The long winter seems to be letting up, and we're in for a four-day spell of rain, complete with all manner of warnings. But it's rain! It won't be that cold! I've always read that peas don't mind a little snow, so today I went and did my best to plant peas in one of my soil's-only-frozen-in-the-corner raised beds. I rarely plant my peas early enough to be good and sick and them by the time it's time to pull them up and put in the green beans, so here's hoping. We'll see what happens. But probably because I didn't start artichokes in the basement this year (after two years of meager rewards), it felt good to have my hands in the dirt again.

Tuesday, February 13, 2018

Elana Bell's "There are things this poem would rather not say:"

This week's poem is Elana Bell's "There are things this poem would rather not say:"

I'm thinking about how American poets announce that their poems are about Israel/Palestine this week. I was thinking about some of Irena Klepfisz's poems and Ellen Bass's "Moonlight" and thought I would spend more time with how they announced -- or really located -- their subjects, but I discovered that I couldn't find these poems online. This brings up some interesting questions about which poems get posted online and why (that aren't specific to Israel/Palestine). So instead here is a poem that never actually announces that it is specifically Israel/Palestine, but all the specific markers are there. But by not actually naming Israel or Palestine, the poem also opens up to being about the situation -- of being a remorseful person who is a member/descendant of a colonizing and ruling force, which is, alas, a more common situation than being an Israeli or a Jew. This poem is almost an apology and gives me a lot to think about. For example, what would this poem look like if it were in the voice of an American speaker to Native Americans?

Enjoy!

By the way, I'm sorry about posting this late, but last night when posting this poem was the last thing left on my to-do list, my ear started to ache; I decided rest was the best thing.

Monday, February 5, 2018

Taha Muhammad Ali's "Exodus"

This week's poem is Taha Muhammad Ali's "Exodus."
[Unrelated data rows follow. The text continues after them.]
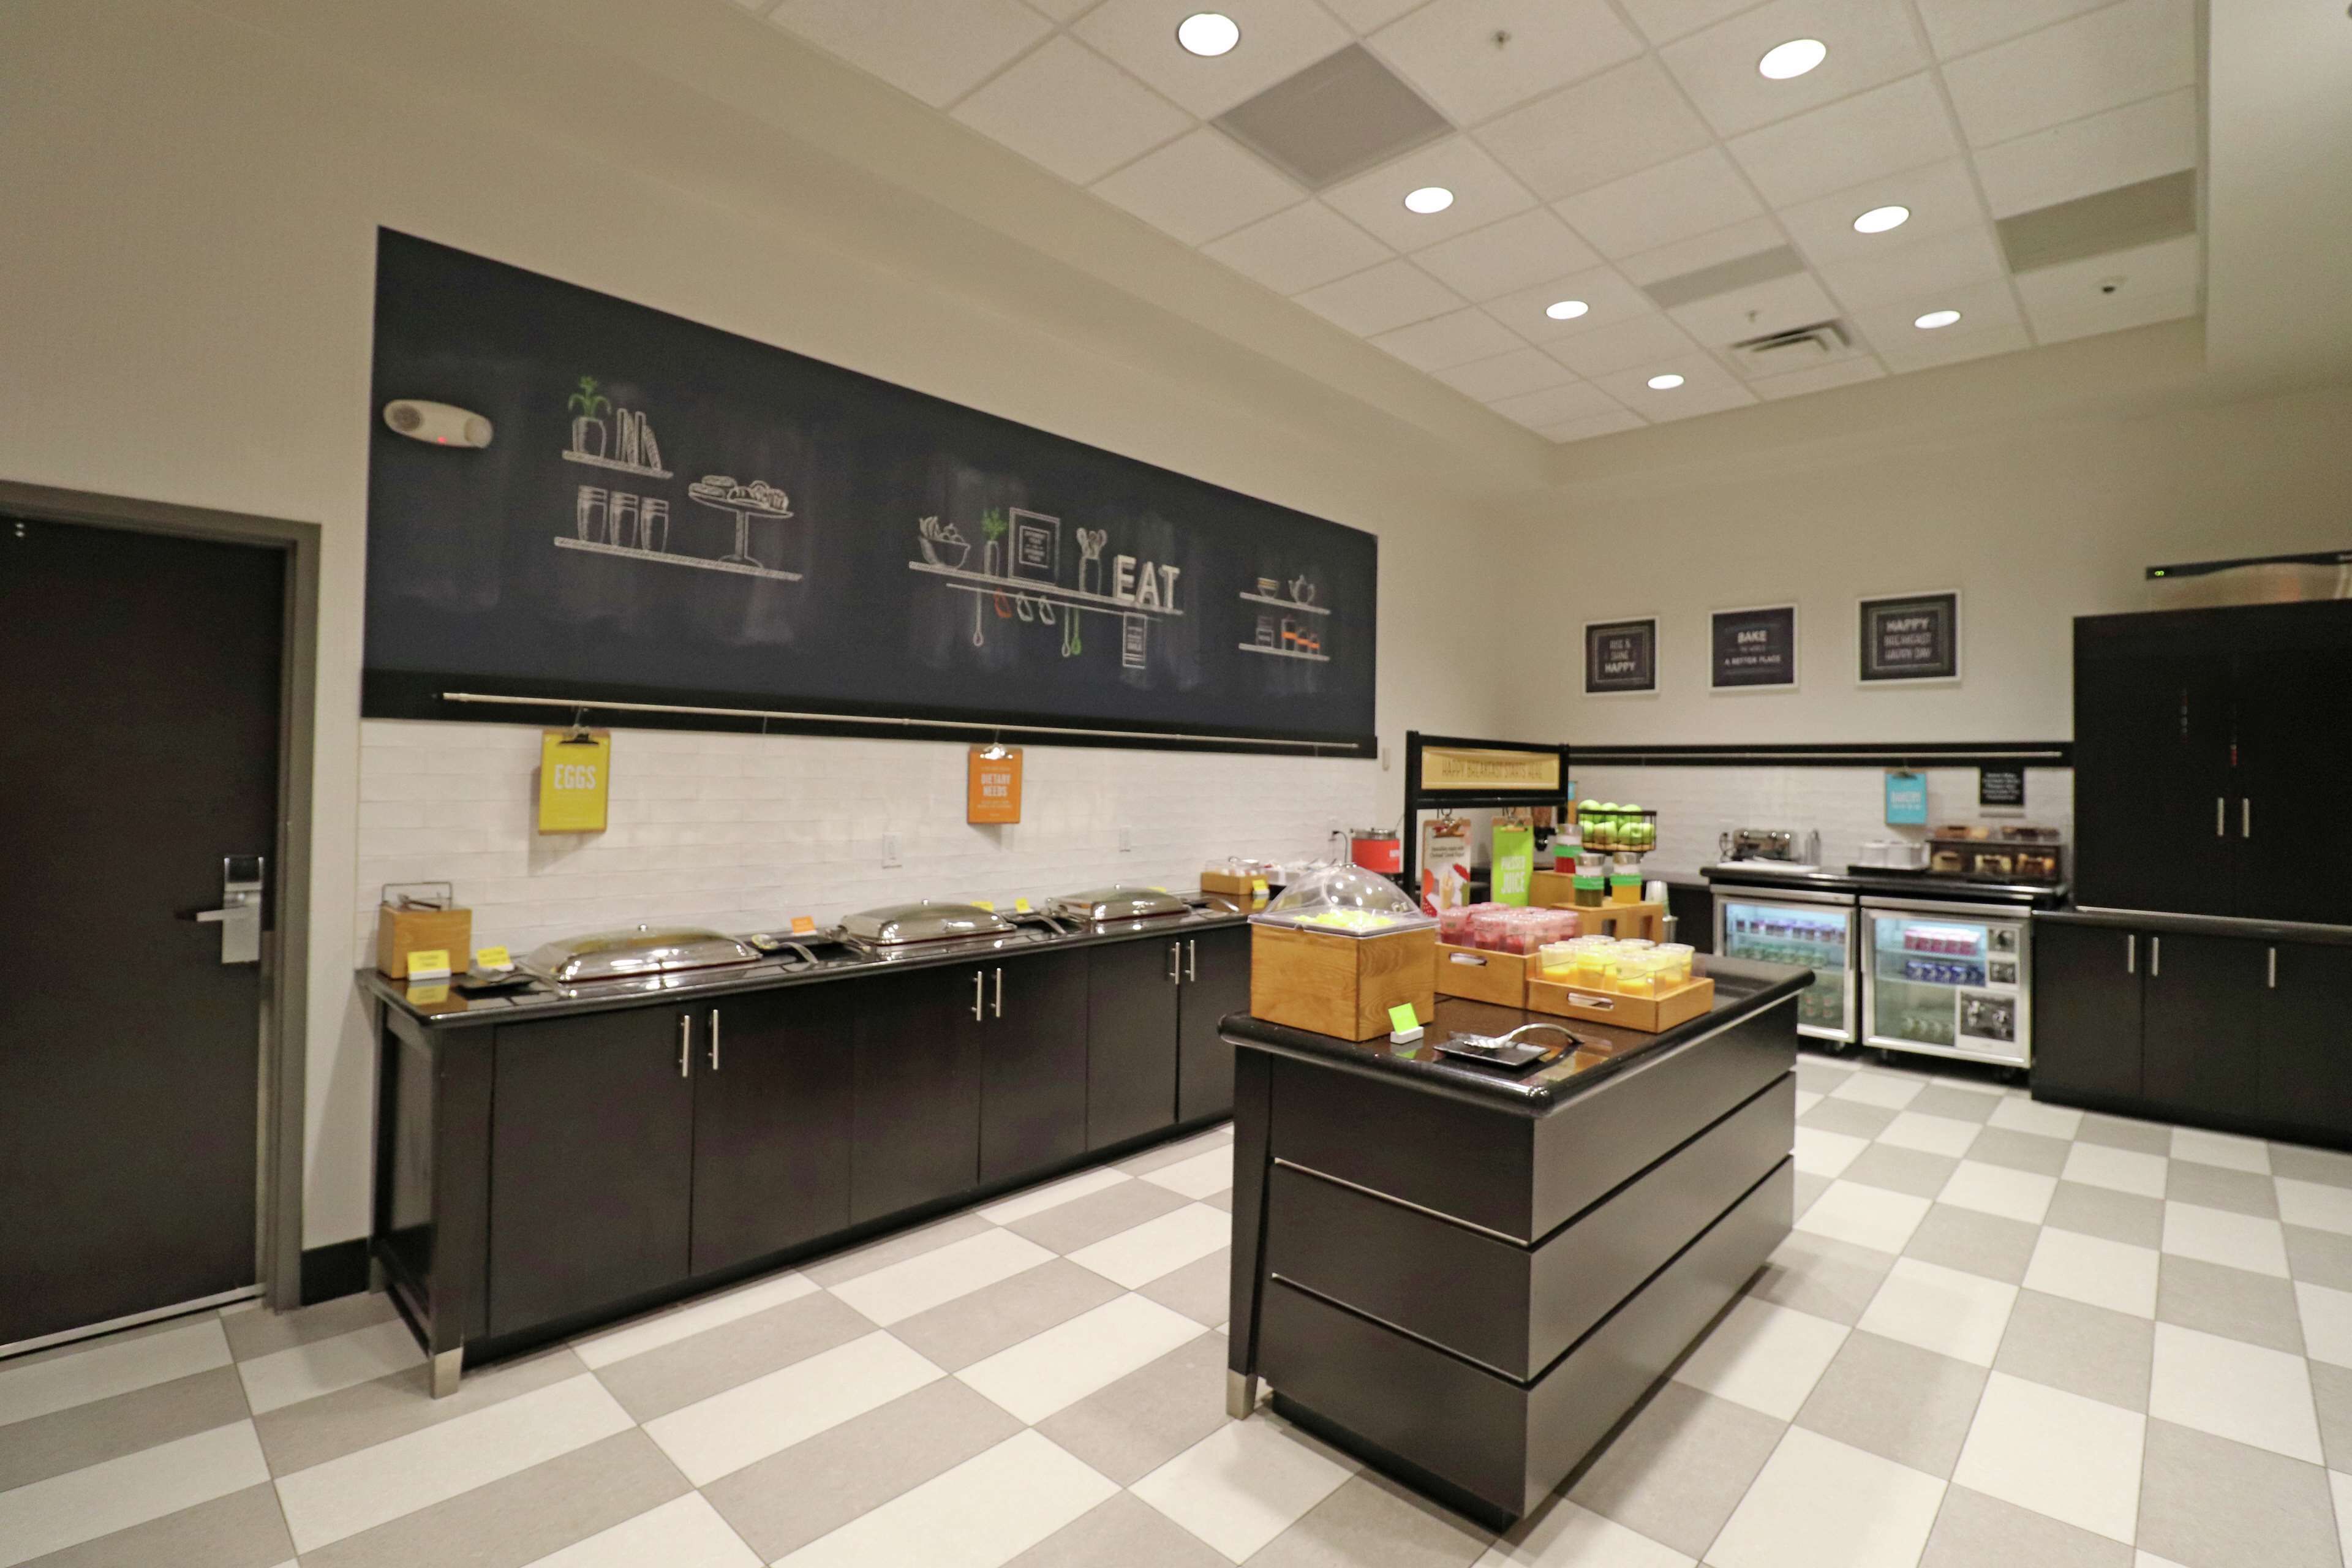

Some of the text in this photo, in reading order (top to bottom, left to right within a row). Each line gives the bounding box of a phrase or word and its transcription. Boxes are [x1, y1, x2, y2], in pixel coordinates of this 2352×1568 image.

[1112, 554, 1180, 610] EAT
[1886, 617, 1930, 631] HAPPY
[1738, 630, 1767, 644] BAKE
[1605, 662, 1636, 673] HAPPY
[554, 764, 597, 790] EGGS
[981, 774, 1012, 785] DIETARY
[982, 785, 1008, 797] NEEDS
[1501, 872, 1525, 894] JUICE
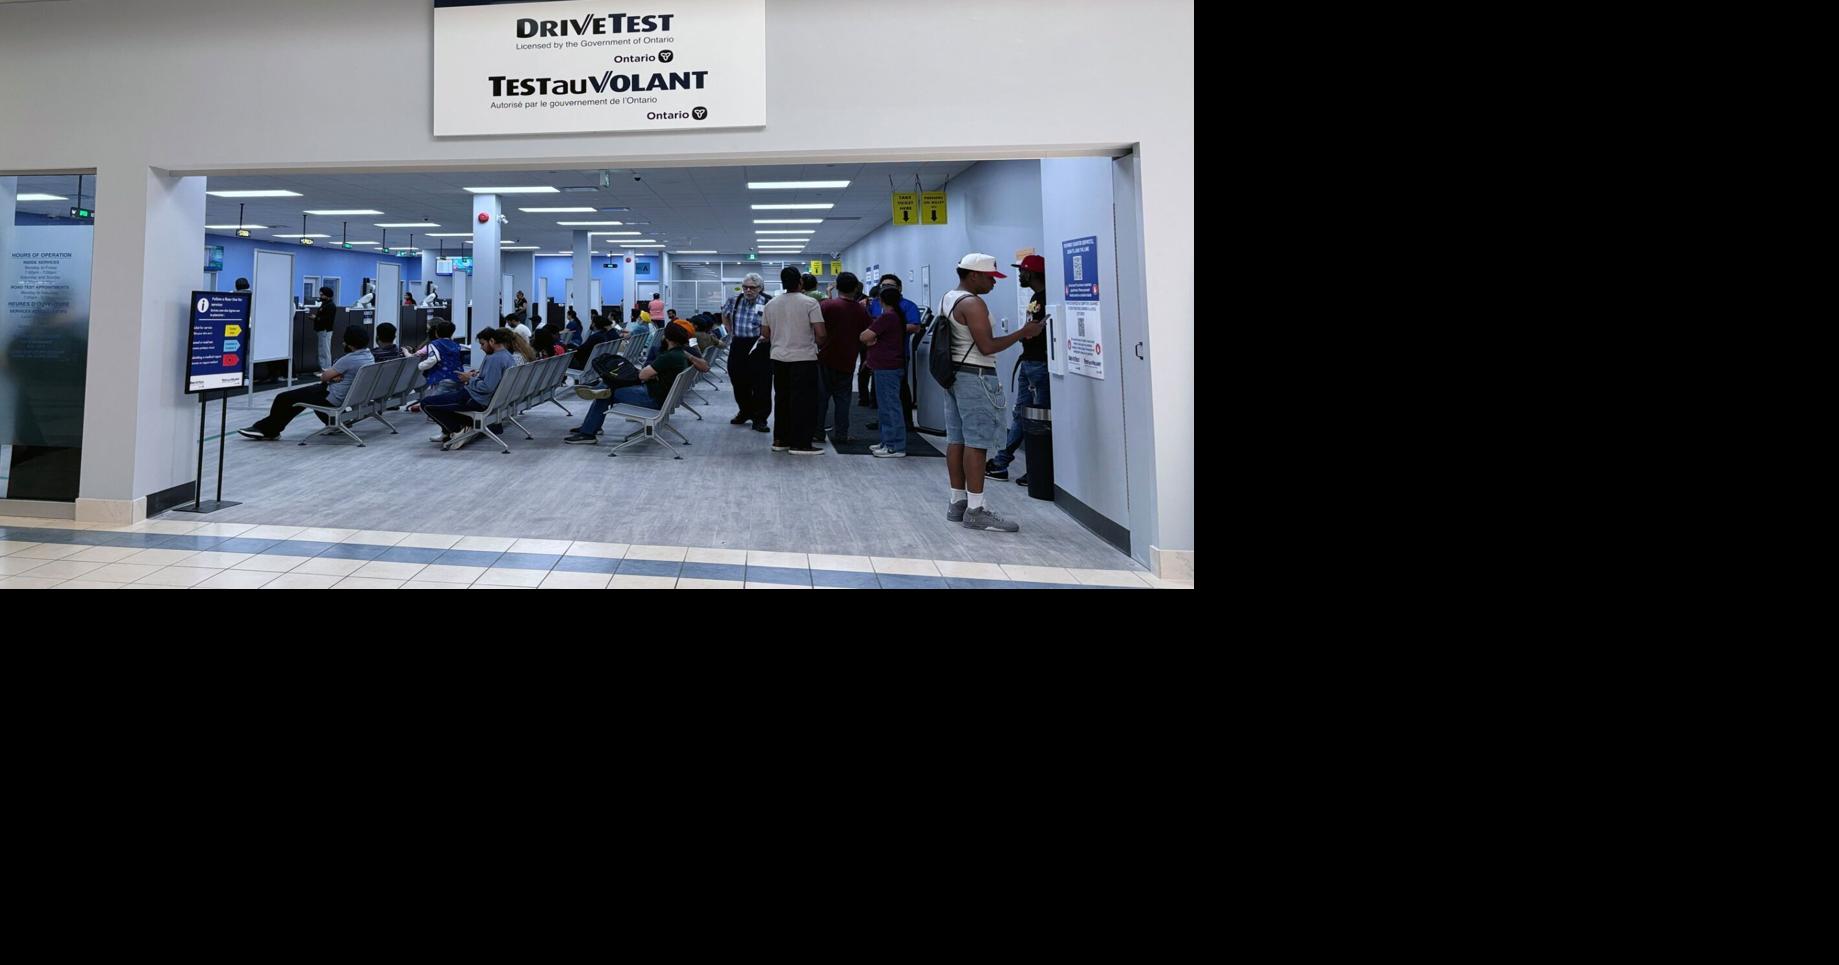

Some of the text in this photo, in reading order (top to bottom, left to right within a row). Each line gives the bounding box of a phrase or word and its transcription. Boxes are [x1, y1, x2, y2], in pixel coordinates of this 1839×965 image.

[515, 41, 552, 50] Licensed
[553, 41, 563, 50] by
[580, 38, 631, 48] Government
[633, 37, 641, 45] of
[643, 36, 674, 44] Ontario
[613, 54, 656, 63] Ontario
[490, 101, 523, 109] Autorisé
[525, 101, 538, 109] par
[549, 98, 608, 109] gouvernement
[609, 97, 620, 105] de
[622, 96, 658, 104] l'Ontario
[646, 110, 690, 120] Ontario
Last week I was thinking a lot about how I come to poems by Palestinian and Israeli poets with an expectation that I'll find traces of the conflict. If I don't find them, as in last week's poem, then I mark the silence. In Amichai's poem, this silence can be seen as privilege. But of course all poets write about many things; while it's safe to assume that a poet may speak to his/her own oppression or specific historical situation, it's not required. What's more, every trace of conflict in a Palestinian poet's poem may not be the Israeli-Palestinian conflict.

When reading Taha Muhammad Ali's poem, it seems safe to assume that those who refuse to leave are Palestinians. And this may be true. But there are interesting complicating factors. The poem's title, "Exodus," has a particularly Jewish cast to it, at least to me, Exodus being the name of the book of what most people think of as the great Jewish story in the Torah/Bible -- the story of Passover, the most important holiday in the Jewish year. (Probably most Jews will agree that Passover is most important; but not all. After all, two Jews, three opinions!) At the same time, the Biblical story of Exodus was a story of leaving, not of refusing to leave, not cleaving to the land. But then there's the interesting date at the end of the poem "5.11.1983." When I look up May 11, 1983, I don't see anything. Maybe this has personal rather than political significance. But when I look up November 5, 1983, inverting the month and day as people in the Middle East do (I remember this from when I lived for a short time in Cairo), I see that's the date when a truck loaded with explosives crashed through the entrance of an Israeli compound in Tyre, Lebanon, setting off a bomb, killing 39 people and injuring more. Muslim Jihad claimed responsibility. Israel responded by striking Palestinian targets on the Beirut-Damascus Highway. So if we bring the specifics of this particular set of events into our reading of the poem, as may be suggested by the date, then who is refusing to leave? Is it the Palestinians? Is it the Israelis?

I don't know. But the poem is bigger than these answers. Enjoy!